In einem Vorsaal trafen sie Lucy Stewart und Mary Graffton. – »Miß Mary,« sagte Buckingham, »Herr von Bragelonne reist ab. O, bitten Sie ihn doch zu bleiben.« – »Ich werde ihn vielmehr bitten zu reisen,« antwortete Mary. »Ich gehöre nicht zu den Frauen, die mehr Stolz als Herz haben. Wenn er eine Geliebte in Frankreich hat, so kehre er dorthin zurück und segne mich dann, daß ich ihm geraten habe, treu zu bleiben. Wenn er in Frankreich nicht mehr geliebt wird, so kehre er nach England zurück, und ich werde ihn wieder lieben. Er wird durch sein Unglück in meinen Augen nichts verlieren. Das Wappen meines Hauses hat einen Spruch, nach dem ich immer gehandelt habe: »Dem Besitzenden wenig, dem Darbenden alles!«

»Ich bezweifle, Freund,« sagte Buckingham zu Rudolf, »daß Sie drüben so viel finden werden, wie Sie hier verlassen.« – »Ich hoffe wenigstens,« sagte Rudolf mit düsterer Stimme, »daß das, was ich liebe, meiner würdig ist. Ist es aber wahr, was Sie gesagt haben, und finde ich eine Unwürdige, so will ich sie aus meinem Herzen reißen, und sollte ich mir das Herz selbst mit der Liebe ausreißen!«

Nach diesen Worten verneigte er sich und ging.

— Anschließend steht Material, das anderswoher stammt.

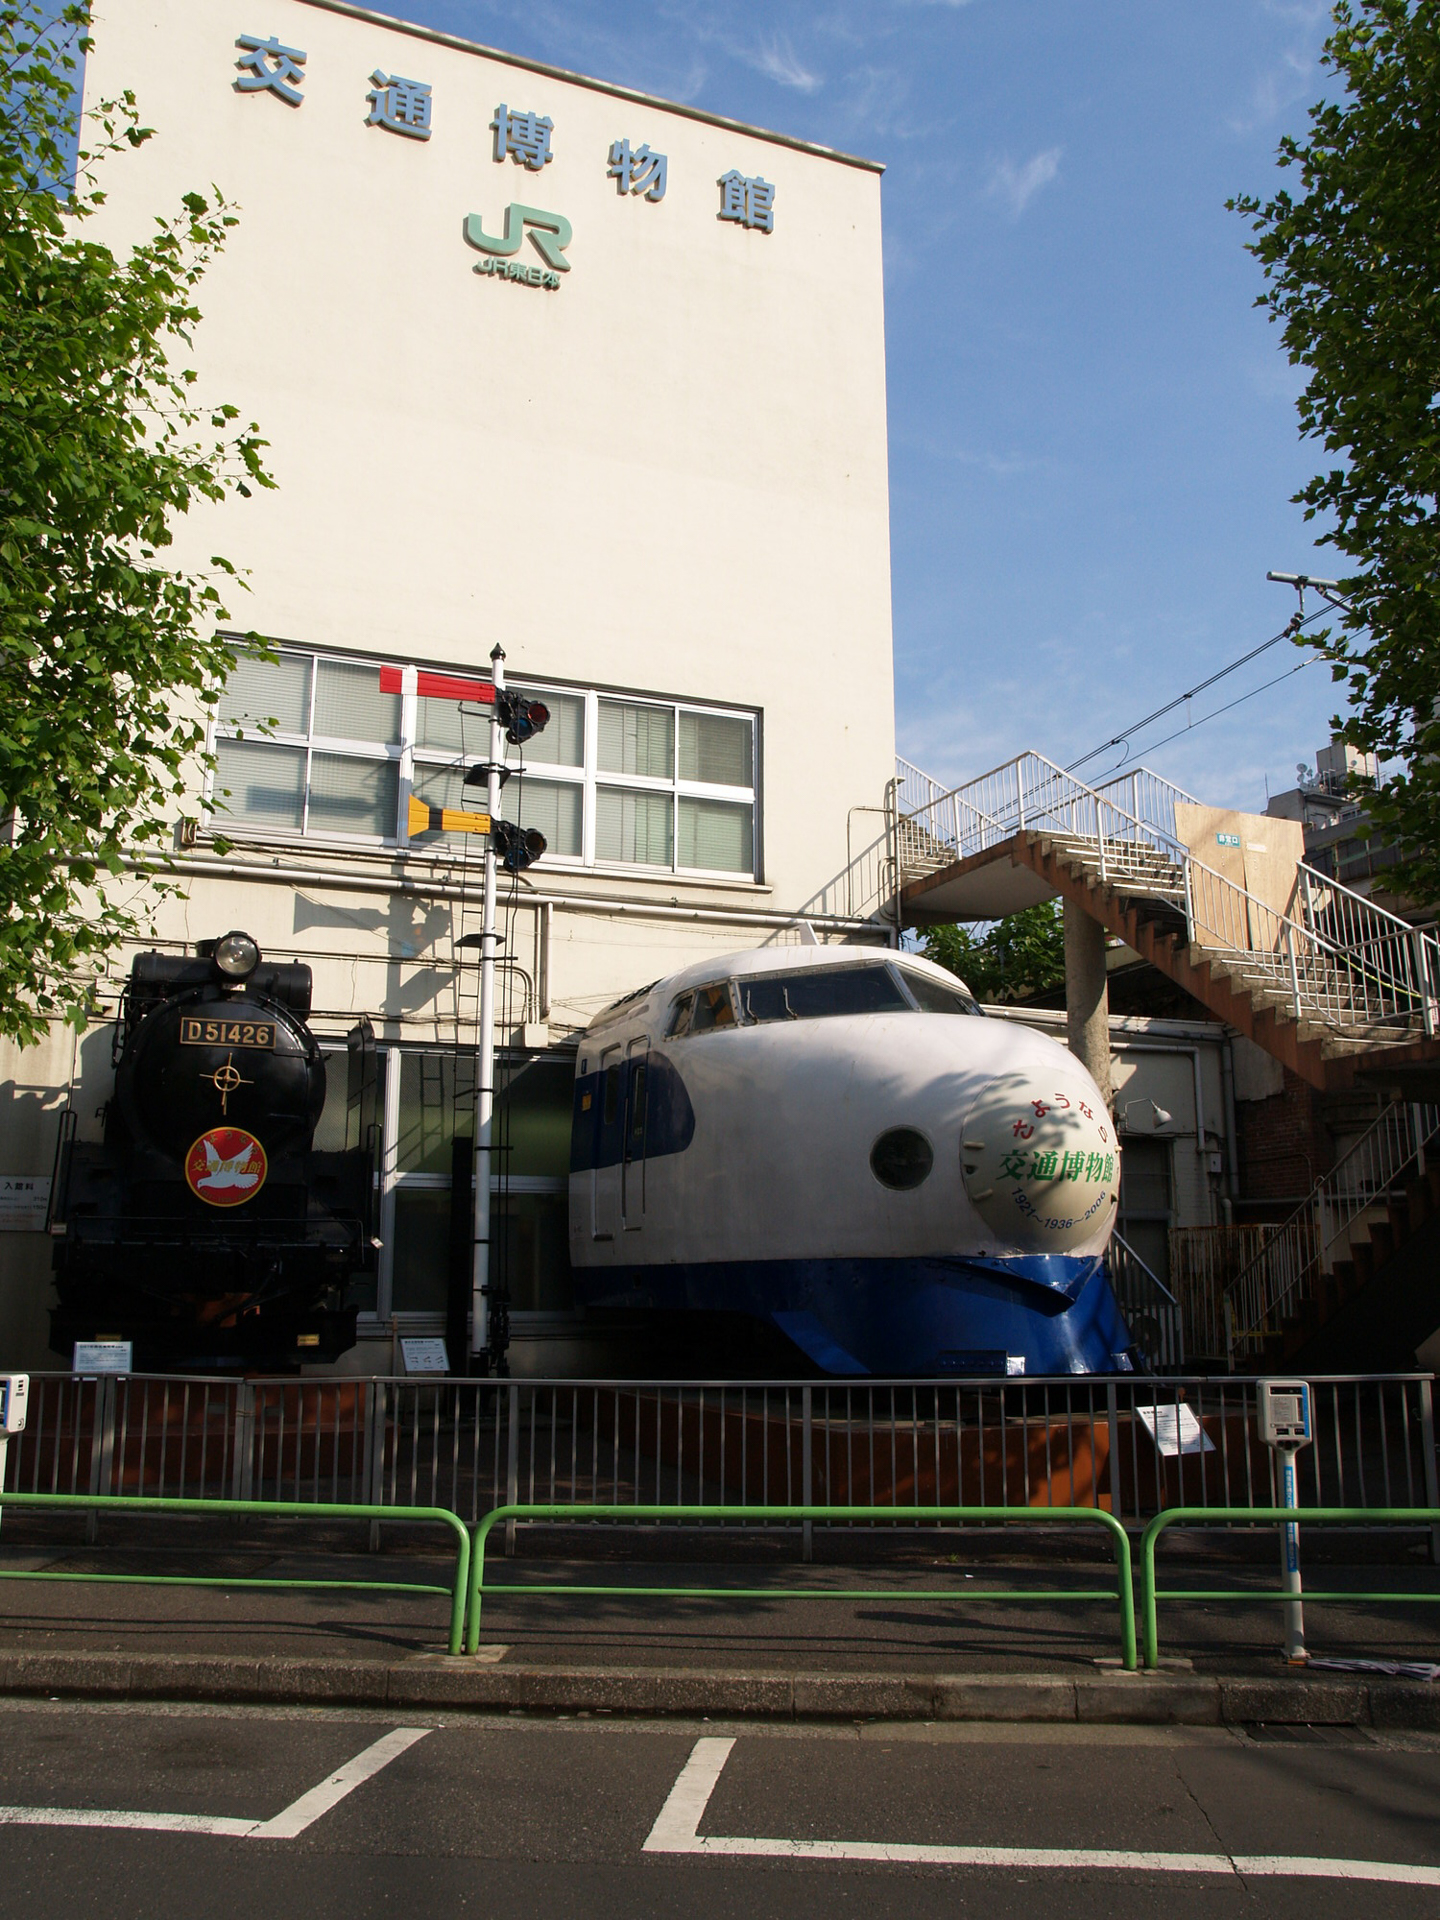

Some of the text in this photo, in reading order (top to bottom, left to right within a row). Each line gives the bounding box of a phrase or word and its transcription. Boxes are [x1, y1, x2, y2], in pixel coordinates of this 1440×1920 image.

»Ach, Herzog!« rief das junge Mädchen schluchzend und lehnte das Haupt an die Brust Buckinghams. »Er wird nie wiederkommen!« – »Nun denn, so sage ich Ihnen, Mary,« rief der Lord, »er findet in Frankreich sein Glück zerstört, seine Braut gehört einem andern, seine Ehre ist befleckt! Was wird ihm übrigbleiben, da er hier doch immerhin Ihre Liebe hat schätzen lernen?«

Miß Graffton sah träumerisch auf und sprach mit erstickter Stimme die Verse aus »Romeo und Julia«:

»Ich muß von hinnen und leben
Oder muß bleiben und sterben!«

Der König hatte recht gesprochen. Um zwei Uhr früh war Flut, und Rudolf von Bragelonne trat die Rückfahrt nach Frankreich an.